El breve y trágico episodio de su pretendida "asunción personal del poder" en 1873-1874, tras su matrimonio con la emperatriz Alute, solo confirmó esta realidad. 


Cuando el joven emperador, de diecisiete años, intentó afirmar su autoridad proponiendo la reconstrucción del Antiguo Palacio de Verano (Yuanmingyuan) un proyecto faraónico que pretendía, quizás, alejar a su madre de la corte, se encontró con la oposición unánime de la burocracia y, finalmente, con la intervención directa de Cixi, que lo obligó a desdecirse y a reintegrar a los ministros que había destituido. 


Poco después, en diciembre de 1874, caía enfermo de viruela (o, según especulaciones no confirmadas, de sífilis), falleciendo el 12 de enero de 1875, a los dieciocho años, sin dejar descendencia.


La muerte de Tongzhi abrió una nueva crisis sucesoria que su madre resolvió con su habitual determinación: ignorando las reglas de sucesión dinástica, impuso como nuevo emperador a su sobrino, Zaitian (hijo del príncipe Chun y hermana de Cixi), un niño de tres años que reinaría como Guangxu. La regencia de Cixi, iniciada en 1861, continuaría así por otras dos décadas.


Reflexión Final: El Año que Cambió el Rumbo de China


El comienzo del reinado del emperador Tongzhi en 1861 no fue simplemente la sucesión rutinaria de un monarca fallecido. 


Fue, en esencia, el momento en que la dinastía Qing, acorralada por la crisis existencial de las guerras del opio y las rebeliones masivas, tomó una decisión consciente de supervivencia. 


Pactar con las potencias extranjeras, centralizar el poder en manos de una nueva coalición gobernante, y emprender un programa limitado de reformas destinado a preservar el orden tradicional mediante la adopción de tecnología moderna.


El precio de esta decisión fue la institucionalización de una anomalía política: El gobierno tras la cortina, ejercido por una mujer extraordinariamente capaz pero también implacablemente ambiciosa, que mantendría al Imperio en una suerte de minoría de edad permanente durante casi medio siglo. 


El pequeño Zaichun, el emperador niño que dio nombre a la era, se convirtió así en un símbolo involuntario de la paradoja china de la segunda mitad del siglo XIX. 

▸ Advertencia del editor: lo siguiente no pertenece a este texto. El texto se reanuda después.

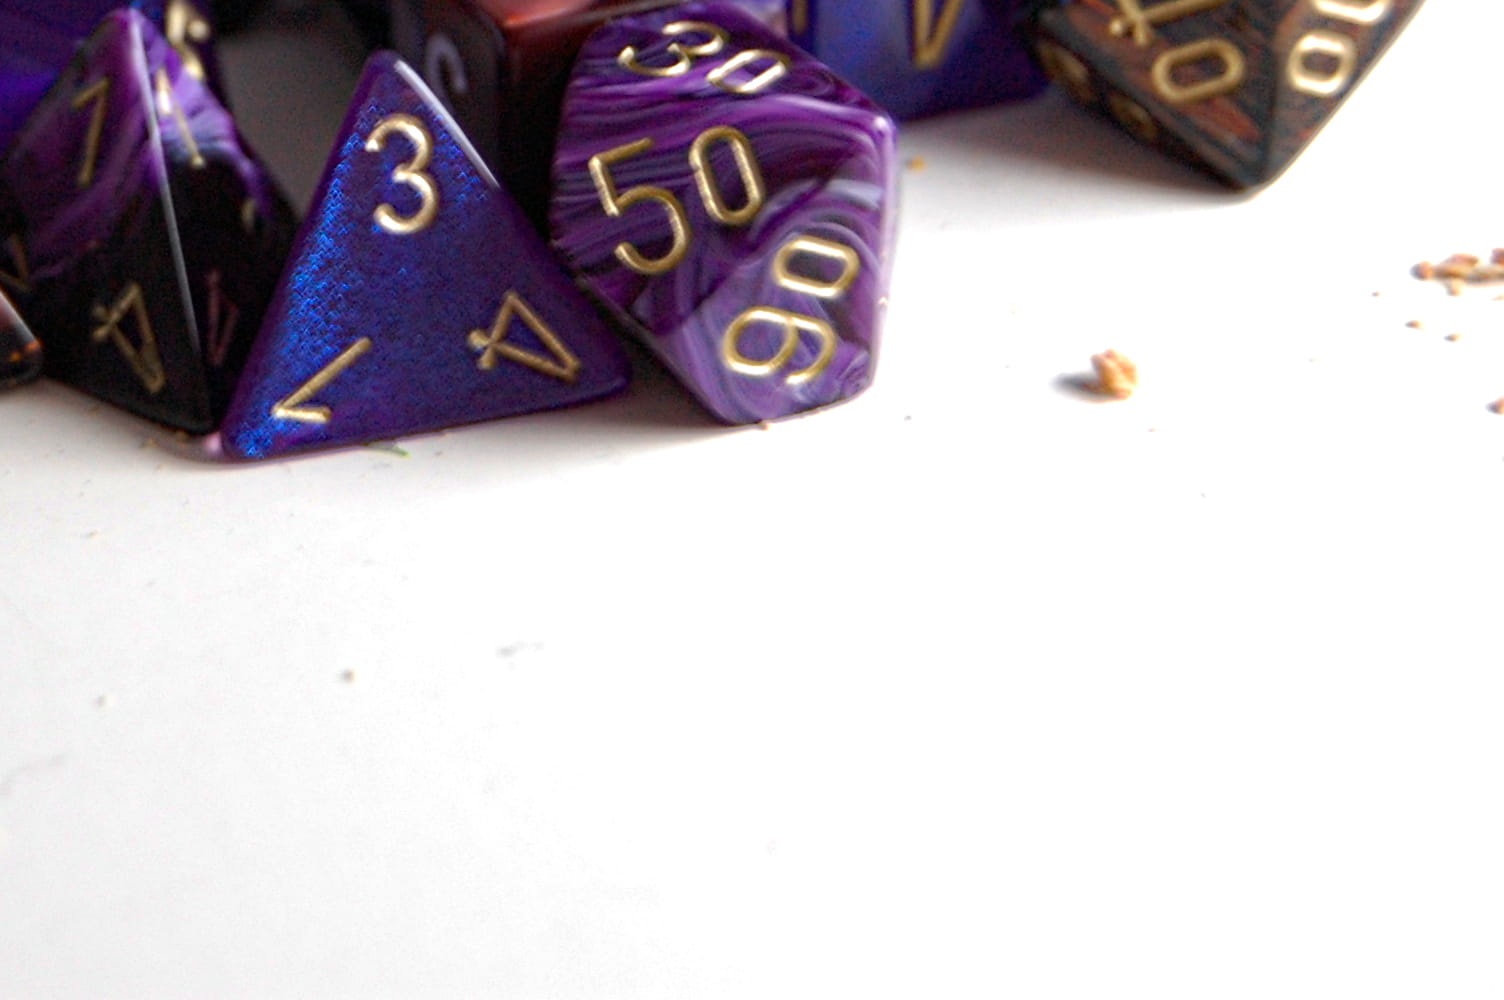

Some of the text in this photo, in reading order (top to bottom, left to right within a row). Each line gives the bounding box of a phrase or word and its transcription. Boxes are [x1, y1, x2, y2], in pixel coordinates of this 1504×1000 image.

[618, 20, 794, 94] 30
[364, 113, 439, 235] 3
[588, 124, 766, 275] 50
[94, 282, 166, 394] 4
[271, 337, 373, 424] 1
[467, 292, 581, 384] 4

Un Imperio que luchaba por modernizarse sin cambiar sus estructuras fundamentales, y que postergaba constantemente las decisiones difíciles confiando en que la combinación de astucia diplomática y represión militar podría preservar el orden tradicional frente a los embates del mundo moderno.


La Restauración Tongzhi, como han señalado los historiadores, logró su objetivo inmediato: prolongar la vida de la dinastía Qing por seis décadas más. 


Pero fracasó en su objetivo último: transformar China en un Estado capaz de competir en igualdad de condiciones con las potencias imperialistas. 


La semilla de esa paradoja modernización sin cambio profundo fue plantada en aquellos convulsos meses de 1861, cuando una madre ambiciosa, un príncipe pragmático y un niño-emperador re-definieron, mediante un golpe de estado incruento, el futuro del Imperio del Centro.